La Semaine d’actions contre le racisme et pour l’égalité des chances (SACR), qui se déroule du 21 au 31 mars, a pour principal objectif de prévenir et combattre l’exclusion basée notamment sur la couleur de la peau, l’origine ethnique ou nationale.

La SACR vise aussi à diriger les projecteurs sur certains enjeux pour sensibiliser les gouvernements et les institutions afin de trouver des solutions. Mais une question relative à ces problématiques passe souvent sous le radar : la discrimination par l’accent.

Notre accent découle de notre milieu socio-économique, de notre environnement linguistique et culturel et de notre éducation. C’est pourquoi les gens sont enclins à nous attribuer toutes sortes de caractéristiques en se basant uniquement sur la façon dont nous nous exprimons.

Couramment, on dira de la personne qui a un accent différent du nôtre qu’elle a un accent, comme s’il y avait supposément une prononciation sans accent et une autre avec accent. Mais il ne faut pas se méprendre : on possède tous un accent.

L’accent est parfois stigmatisé en société et peut souffrir de représentations biaisées. Si certaines personnes entretiennent des préjugés négatifs, d’autres lui trouvent du charme.

La sonorité de l’italien est souvent vue comme romantique. En revanche, dans l’imaginaire collectif, les langues russe et allemande peuvent être perçues comme menaçantes, notamment pour des raisons sociopolitiques ou historiques.
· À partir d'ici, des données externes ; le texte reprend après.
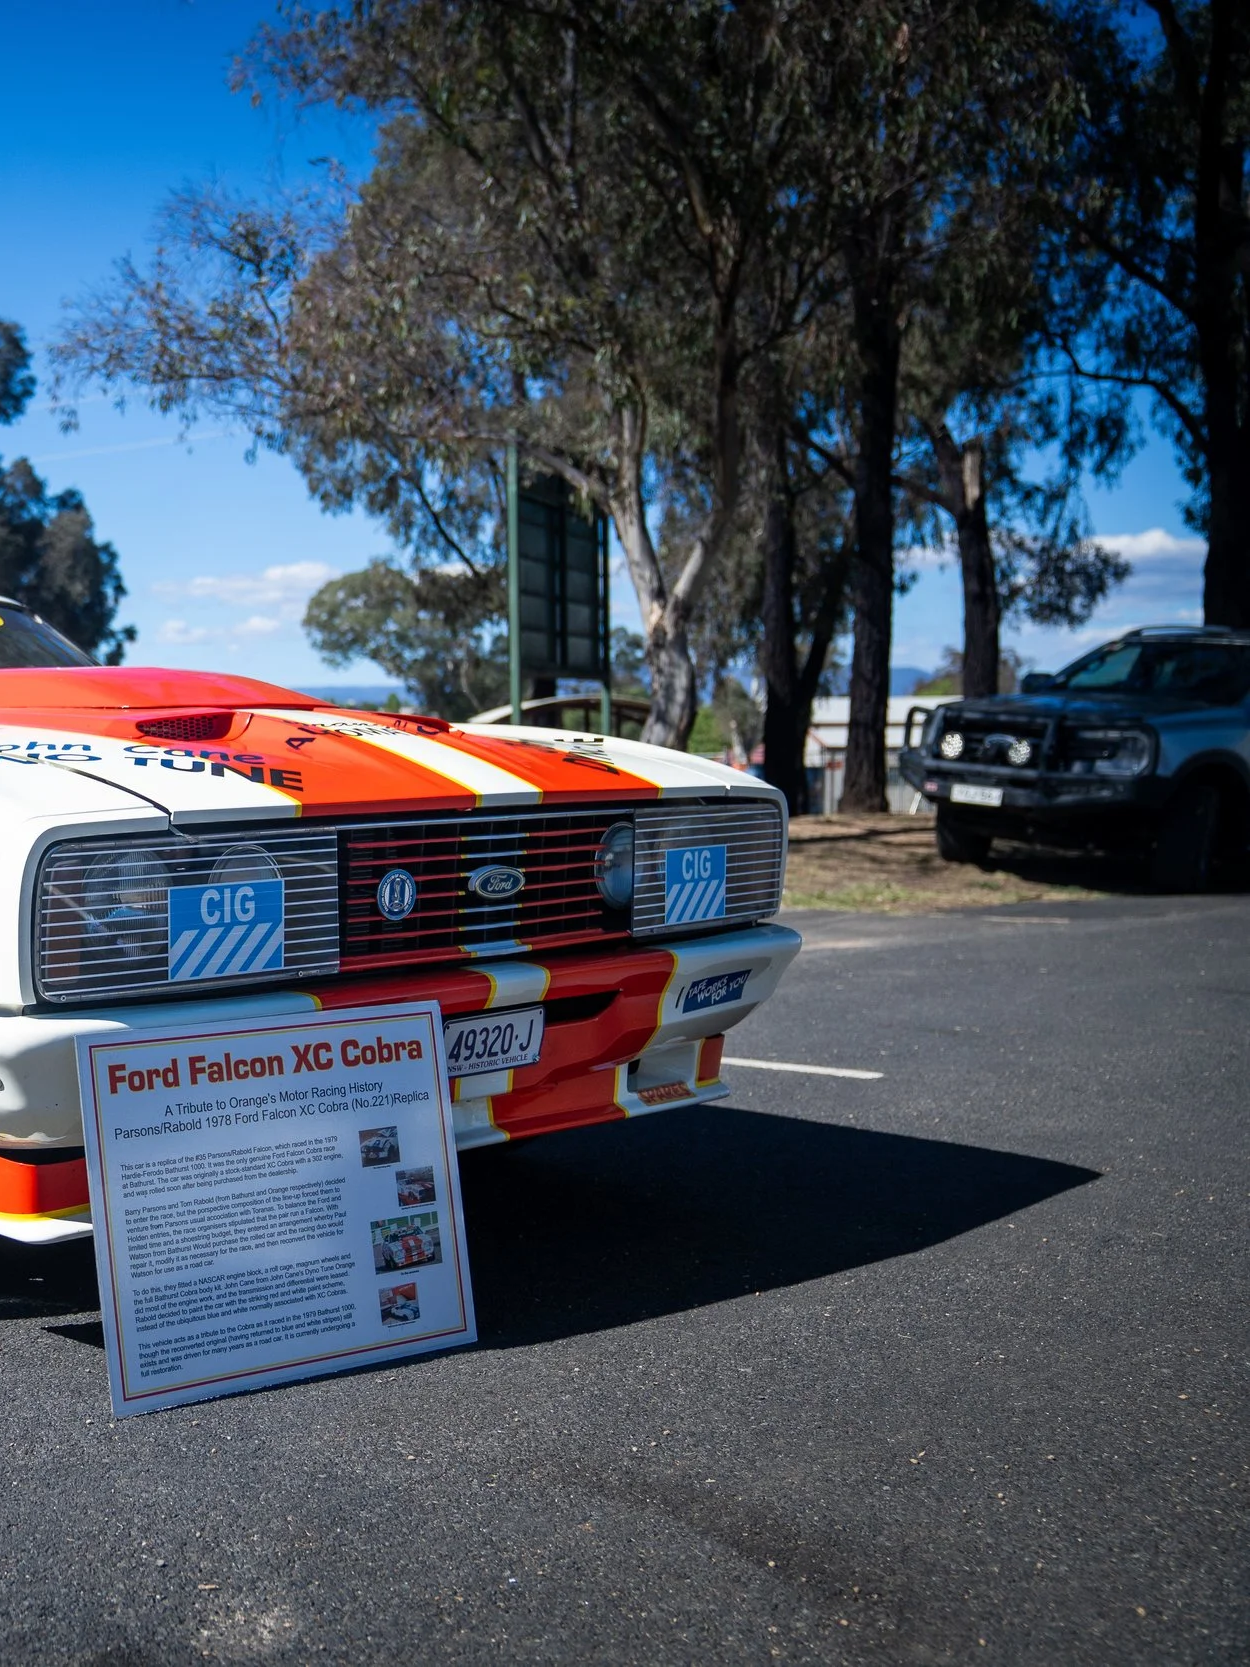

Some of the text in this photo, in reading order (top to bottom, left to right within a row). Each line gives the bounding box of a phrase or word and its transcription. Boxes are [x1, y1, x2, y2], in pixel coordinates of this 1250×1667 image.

Les représentations biaisées existent aussi au sein d’une même langue.

C’est le cas du français. Celui de la France est souvent considéré comme étant le modèle standard, et toutes les autres variétés comme des dérivés. Rappelons-nous le tollé qui a suivi l’adaptation en français de la balado canadienne Alone, A Love Story, pour laquelle CBC Podcasts a préféré les services d’un studio parisien plutôt que l’expertise d’ici, notamment parce que l’accent québécois aurait moins de potentiel international⁠1.

Quand on rencontre d’autres groupes distincts, il est possible de prendre un autre accent, soit par mimétisme, par choix ou par exposition à long terme. Peut-être avez-vous noté que vous « reprenez votre accent » quand vous retournez dans votre patelin ?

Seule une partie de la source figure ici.